Very good points. I wonder what this means for real-world street network graphs. In my experience, m can be considered proportional to n in road network graphs (I would estimate m ≈ 2C n, with C being between 2 and 3). This would mean that the asymptotic running time of this new algorithm on a classic road transportation network would be more like O(Cn log^2/3 n) = O(n log^2/3 n), so definitely better than classic Dijkstra (O(n log n) in this scenario). On the other hand, the frontier in road network graphs is usually not very big, and (as you also said for grid graphs) you normally never "max out" the priority queue with n nodes, not even close. I would be surprised if the ^2/3 beats the additional constant overhead of the new approach in this case.
In real world you are not using either, you have way more way to optimize for a specific problem. For street networks you'd probably start with "A*" or something like that.
The current meta game is the use of contraction hierarchies. Basically, you sinplify the network into hubs connected by trunk lines and then refine the routing close to start and destination.
It’s not often that you see O(E + V log V) Dijkstra with Fibonacci heaps, either, the O((E + V) log V) version with plain binary heaps is much more popular. I don’t know if that’s because the constants for a Fibonacci heap are worse or just because the data structure is so specialized.
Yes, a standard binary heap is very fast and incredibly simple to implement, mostly because you can store the entire heap in a single continuous array, and because you can access individual elements by simple pointer arithmetic. It's quite hard to beat this in practice.
Gamedevs -I find at least- are so obsessively deep at SOLVING their problem at hand that their headspace is indexed on shipping the game, the project, deadlines, and what to eat for the next meal (probably pizza).
Isn't that just it though? The problem very well could be that some part of the game is running too slow so they just start solving it. No time to read and write academic papers.
Somebody somewhere might be Ramanujan, but the average person is going to be a whole lot better served by reading literature than trying to reinvent the field.
I'd certainly Google for some algos before writing one myself.
Years ago, however, I came across a paper for optimal convex polygon decomposition that had zero implementations and the paper was so complicated.. couldn't figure out how to implement it myself. I came up with something new and published it which was apparently enticing enough to be picked up by at least one game library. So that was neat.
Aside from inventing a bunch of individual algorithms, Tarjan is also known for introducing various theoretical techniques that are now considered fundamental. Most notably, amortized analysis.

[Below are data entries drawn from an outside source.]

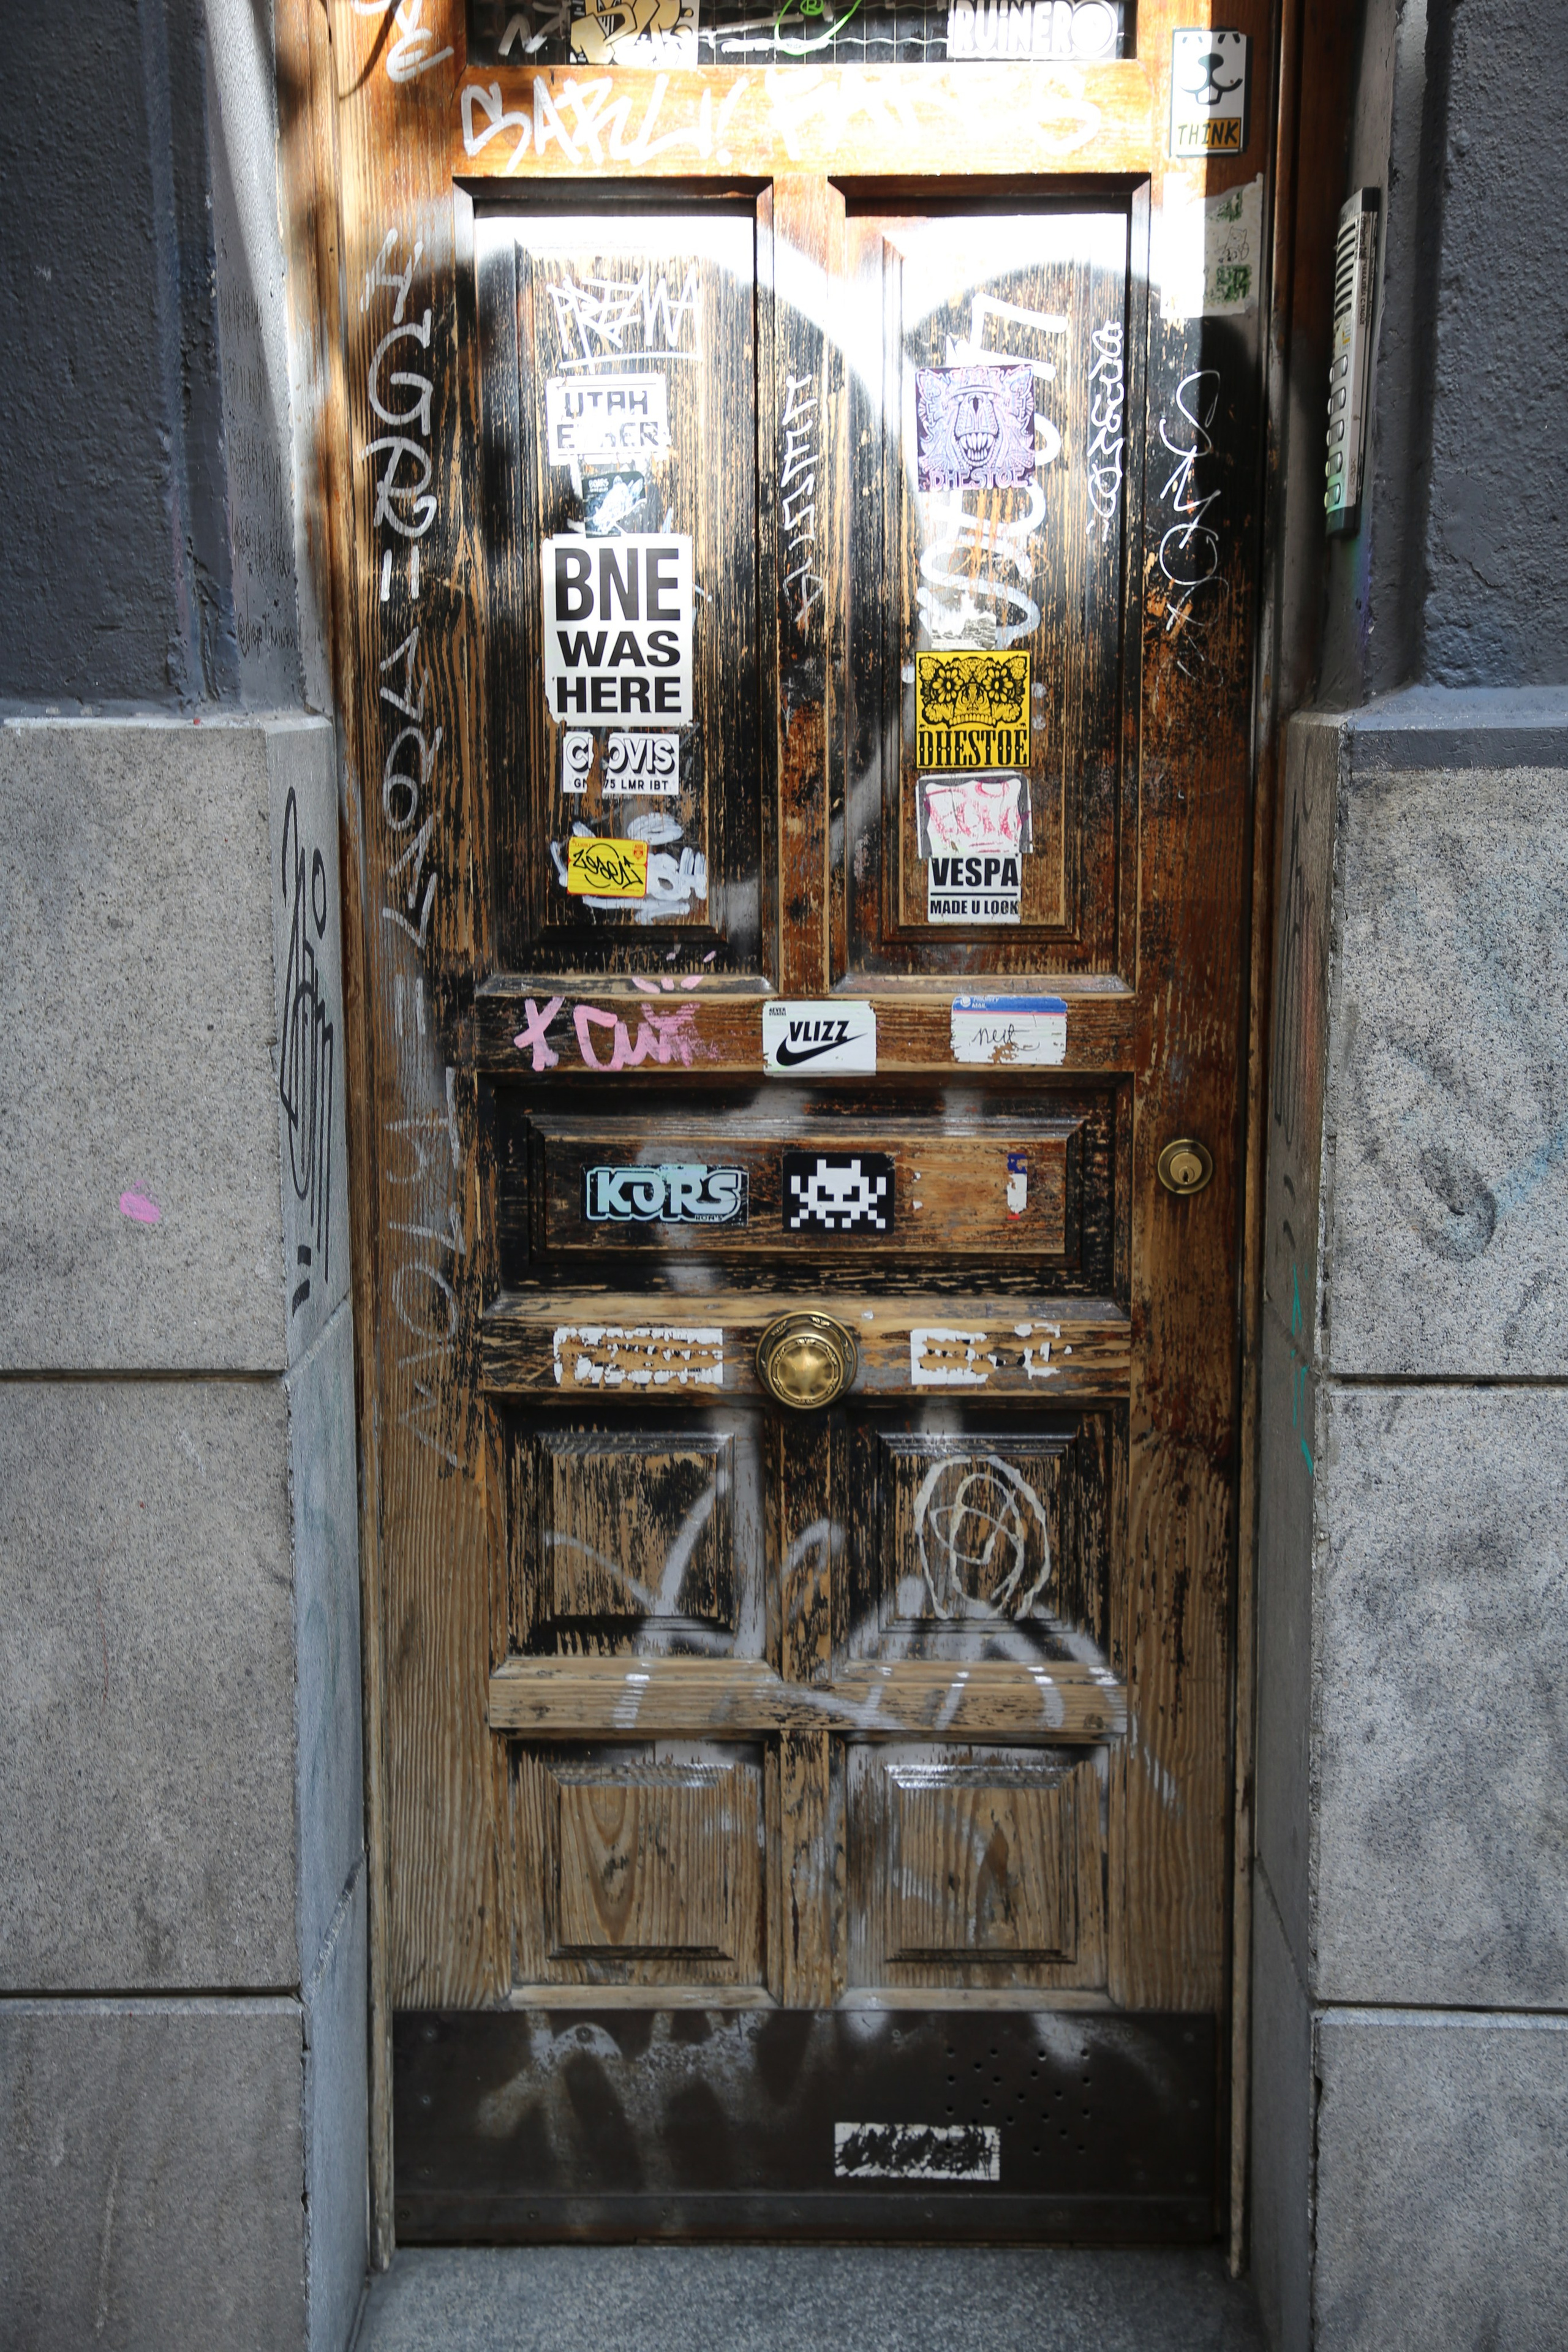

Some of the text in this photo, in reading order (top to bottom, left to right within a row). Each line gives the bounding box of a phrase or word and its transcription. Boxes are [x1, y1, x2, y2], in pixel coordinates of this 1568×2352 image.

[1178, 119, 1239, 146] THINK
[564, 390, 649, 419] UTAH
[556, 421, 660, 449] EER
[929, 467, 1028, 490] DHESTOE
[555, 548, 681, 621] BNE
[557, 630, 681, 668] WAS
[557, 676, 682, 713] HERE
[918, 729, 1028, 767] DHESTOE
[621, 779, 645, 790] LMR
[649, 780, 669, 791] IBT
[931, 857, 1019, 887] VESPA
[930, 900, 1019, 914] MADE U LOOK
[790, 1020, 850, 1042] VLIZZ
[590, 1168, 739, 1219] KORS
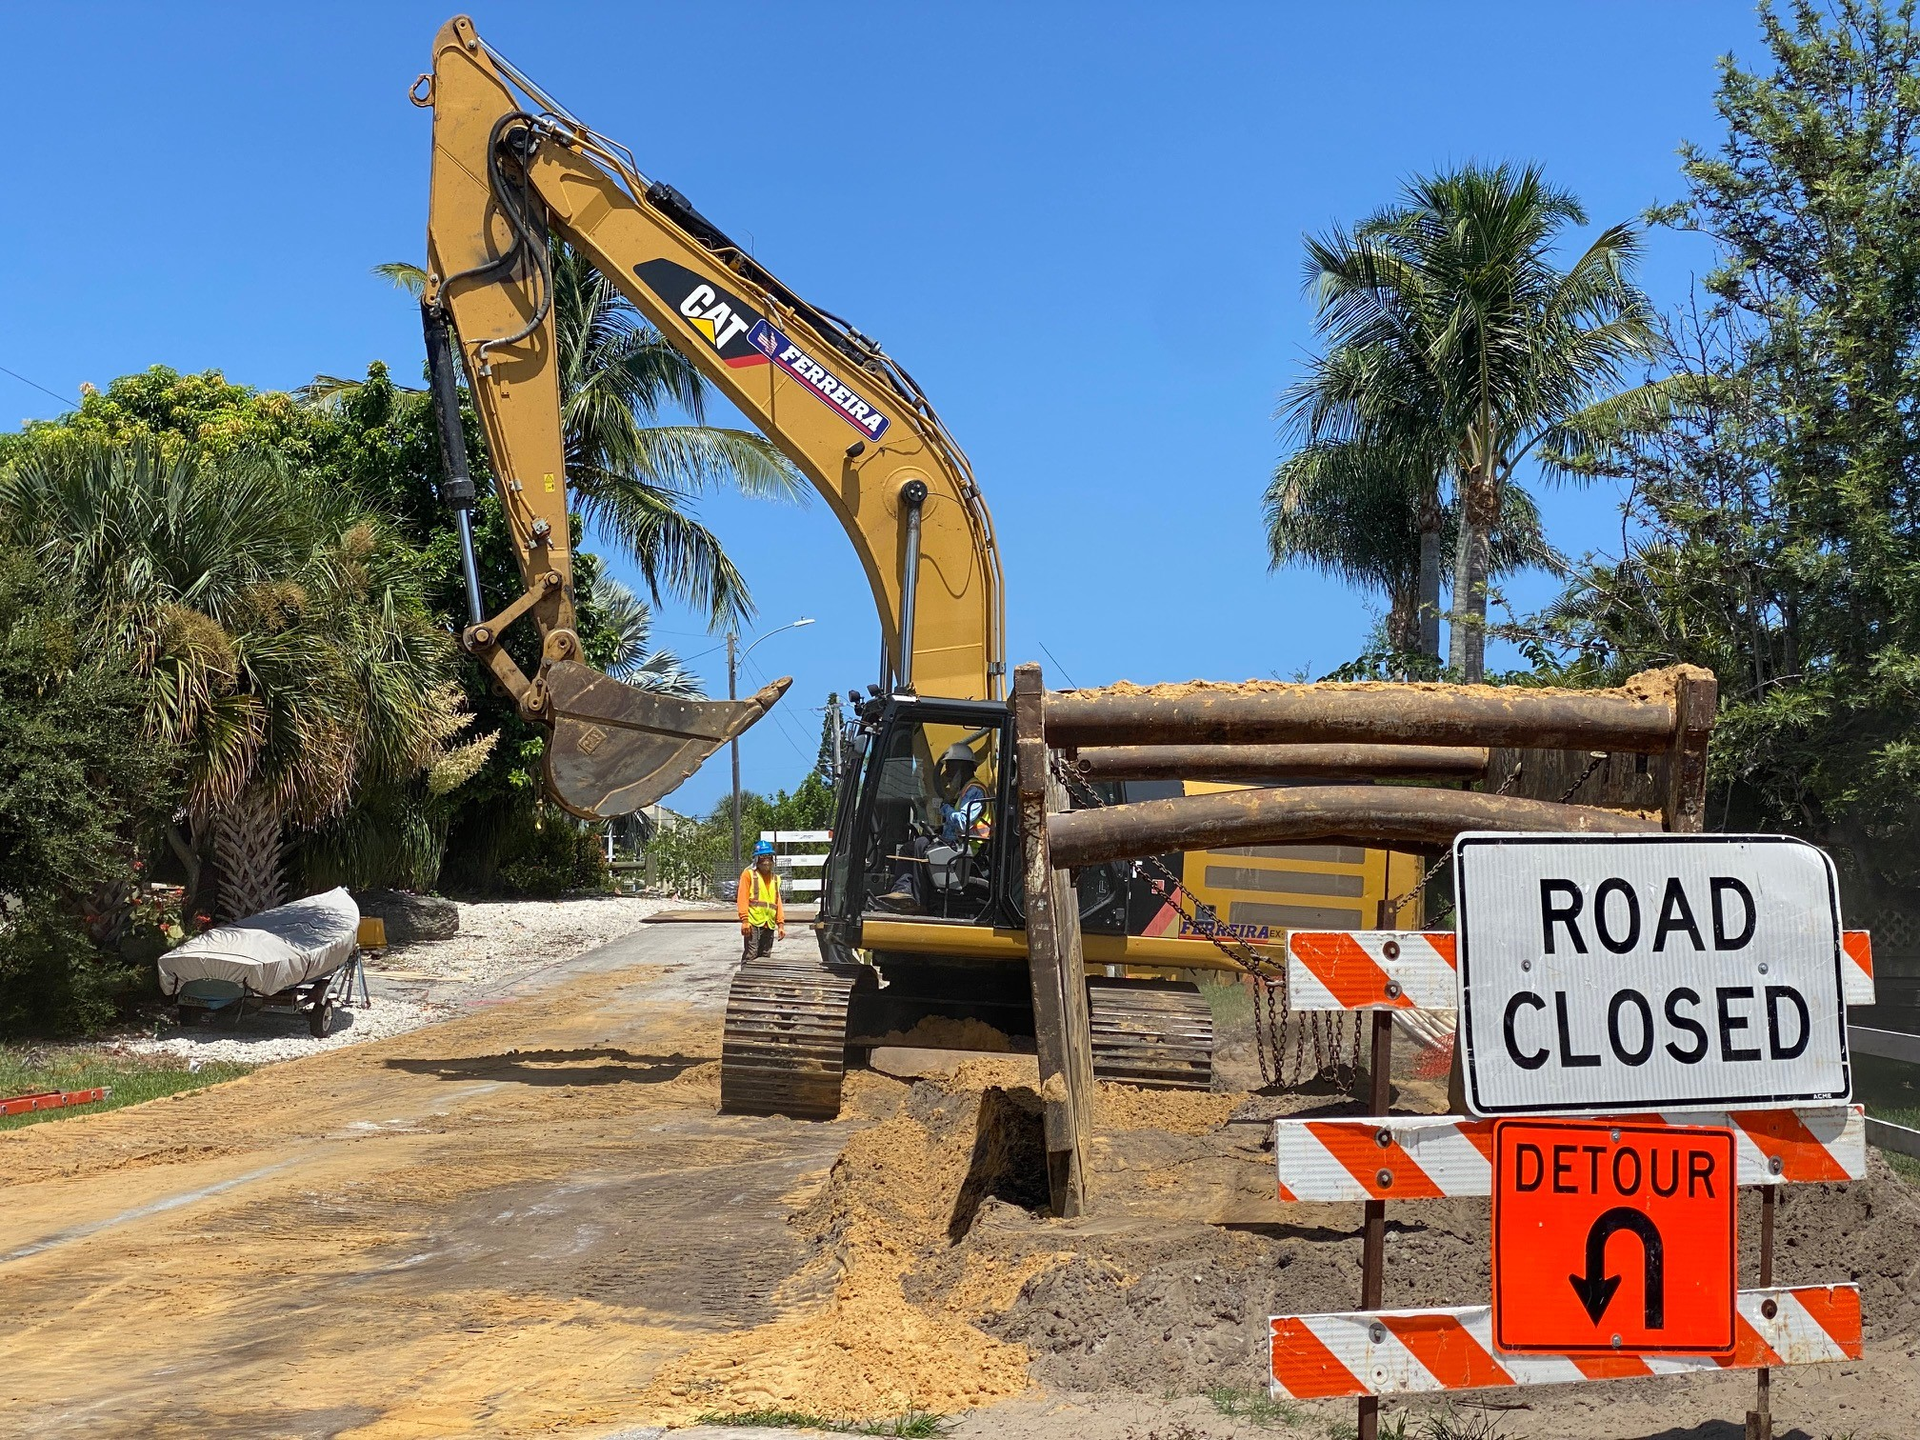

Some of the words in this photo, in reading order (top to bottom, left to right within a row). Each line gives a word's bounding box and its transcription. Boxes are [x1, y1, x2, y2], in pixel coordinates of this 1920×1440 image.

[680, 284, 749, 349] CAT
[779, 345, 883, 433] FERREIRA
[1539, 876, 1757, 954] ROAD
[1503, 985, 1811, 1070] CLOSED
[1515, 1143, 1716, 1198] DETOUR

I'm intrigued but the article is very verbose with little detail. Mabie the paper will give a more satisfying description.
Im most curiosity how the algorithm fulfil the "global minima" that djixtra guarantees. The clumping of front-tier nodes seem prone to missing some solutions if unlucky.
Dijkstra is still very difficult for many and not universally taught in 7th grade even though you can arguably explain what a shortest path in a graph is to 14 y.o.
Dijkstra's algorithm is completely trivial. It's a greedy algorithm; there's nothing more complex involved than repeating the same simple step over and over. You pick a starting node then repeatedly add the lowest-cost edge to a node you haven't already reached. It's harder to explain what a "node" and "edge" are than to explain how Dijkstra's algorithm works.
Many textbooks make it sound harder than that because they want to examine complex data structures that make various parts of that as fast as possible. But the complexity is the implementation of the data structures, not Dijkstra's algorithm.
indeed. and I can confirm I learned this algorithm back in the day in 8th grade, as we were given home assignments and myself had to read through a book 'introduction to Graphs' which was designated for 2nd university year students.
I was able to read halfway through the book before it started getting too complex for my teen mind.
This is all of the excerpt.